Sunday, March 11, 2007

Bastard Garbure

Garbure, literally, "the whole grab", is a classic French soup or stew, depending on your point of view and your ingredients. Garbure, like bouilliabaisse, gumbo, and cioppino, is a Helen-of-Troy dish: people willingly go to war over what goes in the pot. Elizabeth David lists goose fat, onion, tomatoes, piment basquais, confit, and ham. (46) Paula Wolfert's version takes three pages and nineteen ingredients, calling for, among other things, a ham hock, a duck carcass, pancetta, garlic, duck fat, onions, leeks, celery, and duck confit. (43-45) In The Pleasures of Slow Food, Corby Kummer gives us Georgette Dubos' version, calling for smoked bacon, turnips, and the confit. Her recipe serves ten. (99)

Having no urge to fight, and feeding only two people and one cat, I humbly offer a highly bastardized verson of "La Garbure Landaise." I was inspired by the contents of my fridge: duck confit, aged since December, a huge collection of poultry bones that needed to be cooked down into stock, two bunches of farm carrots, leeks, and shallots. I also have two small cabbages, and as of this writing, remain unsure whether or not to add some. I don't want the cabbage to take over the entire dish, as brassicas are wont to do. To avoid this, I would need to cook the cabbage separately and add it tomorrow, when I intend to serve this. So we'll see.

I began this morning by making the stock: quail carcasses, frozen into one bristling bunch, a chicken carcass, the ends of some leeks, carrots, and garlic. A bay leaf and some peppercorns. I reached into the pot and tried to break up the quail glacier barehanded. A renegade bone slashed the pad of my middle finger, resulting in a shallow cut that bled profusely. I managed not to ruin the stock.

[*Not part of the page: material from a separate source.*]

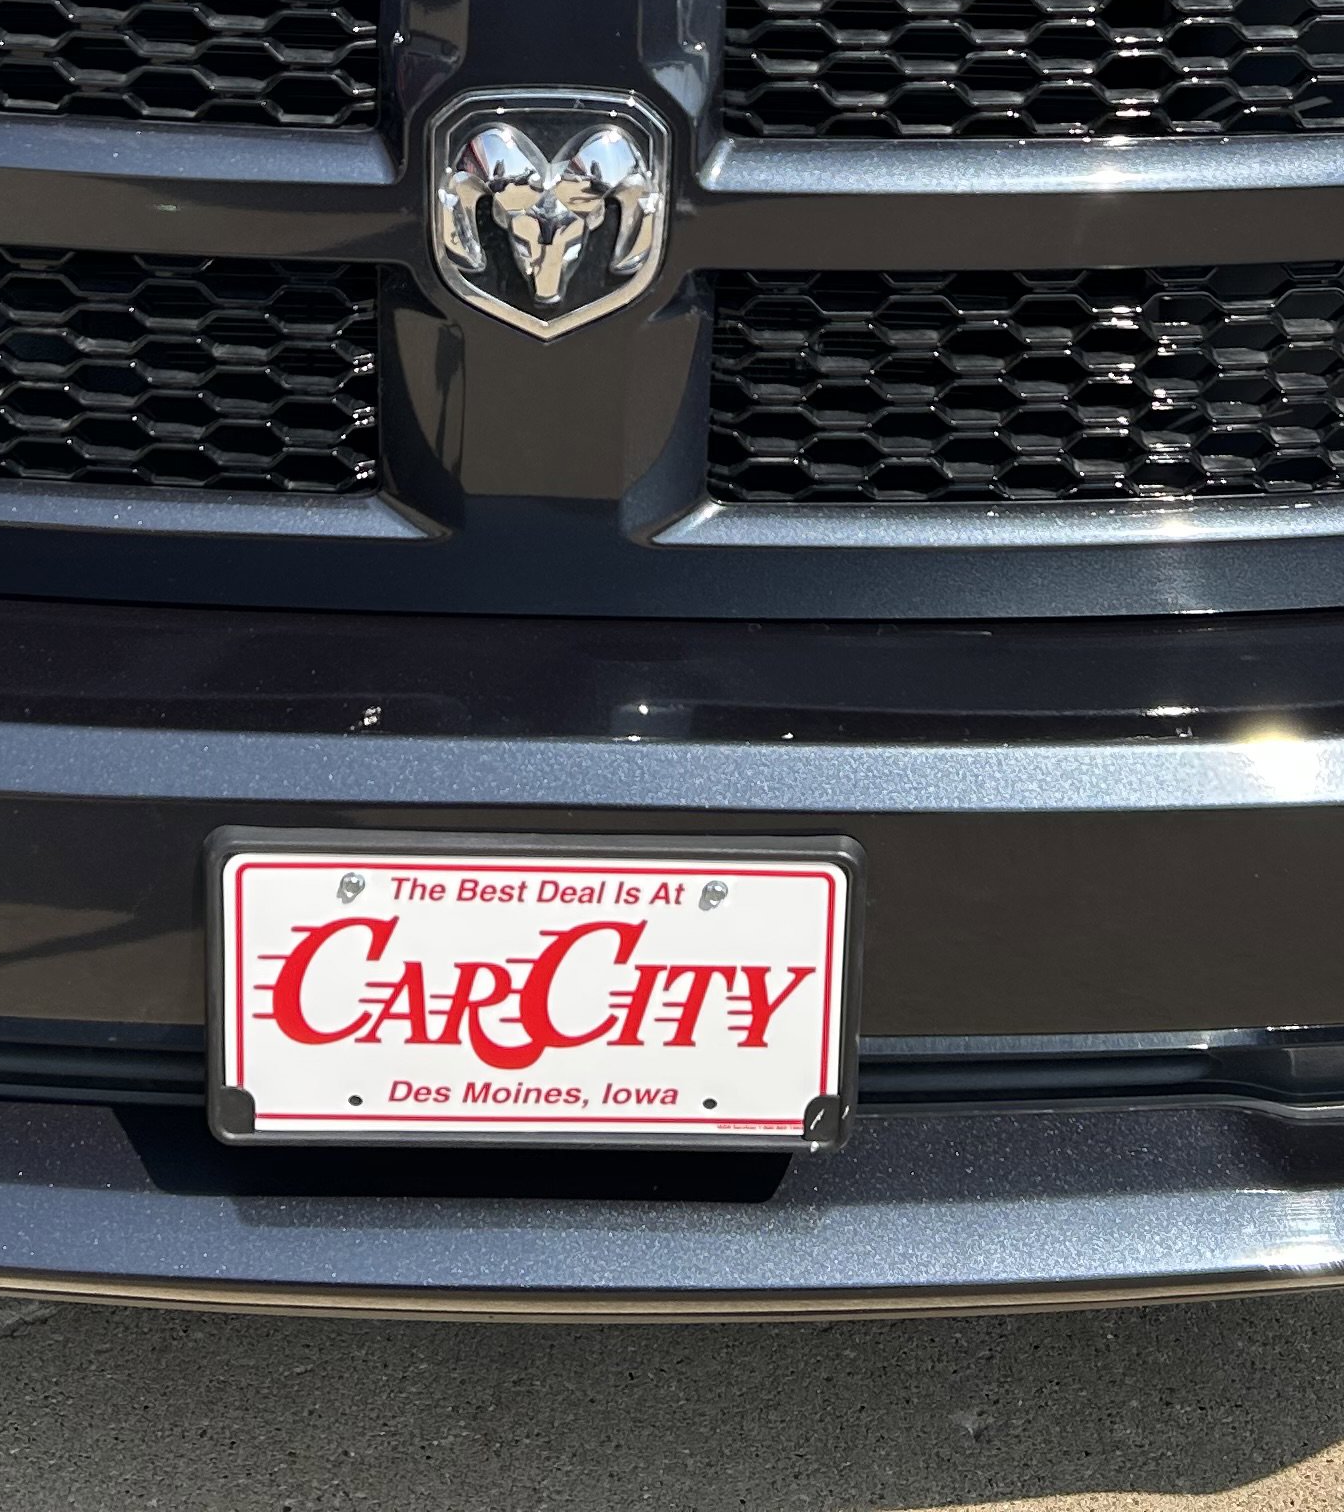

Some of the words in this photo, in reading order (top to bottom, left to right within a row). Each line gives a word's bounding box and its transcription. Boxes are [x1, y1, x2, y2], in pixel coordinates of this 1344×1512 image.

At noon I strained the mess into another stockpot, adding fresh carrots, two shallots, and more garlic. I splashed in a little Armagnac. Then I hefted the duck confit jar out and set it on the counter to warm up a bit. Just now I fished out two legs with a minimum of the duck-fat-everywhere experience inherent in confit. I began tearing meat from the legs only to be rudely interrupted by the cat, who jumped on the counter, demanding treats. I got him down with promises of sharing later, dumped the meat and bones into the pot, and am now contemplating whether or not to add a little rice. I know, this is the bastardized part. But I like a thick soup.

I'll let this go a couple more hours, on a very low heat, then cool it and serve tomorrow. This is definitely the sort of soup that benefits from waiting. It is also a very farewell-to-winter soup, which seems appropriate on Daylight Savings Day. I loathe daylight savings. But we must eat, and why not celebrate losing a precious hour of my weekend by making soup?

Meanwhile, we'll hope the Trojan Horse isn't waiting outside the door.

Works cited:

Elizabeth David: French Provincial Cooking. Penguin Books: New York. 1970.

Corby Kummer: The Pleasures of Slow Food. Chronicle Books: San Francisco: 2002.

Paula Wolfert: The Cooking of Southwest France. John WIley and Sons: New Jersey: 2005.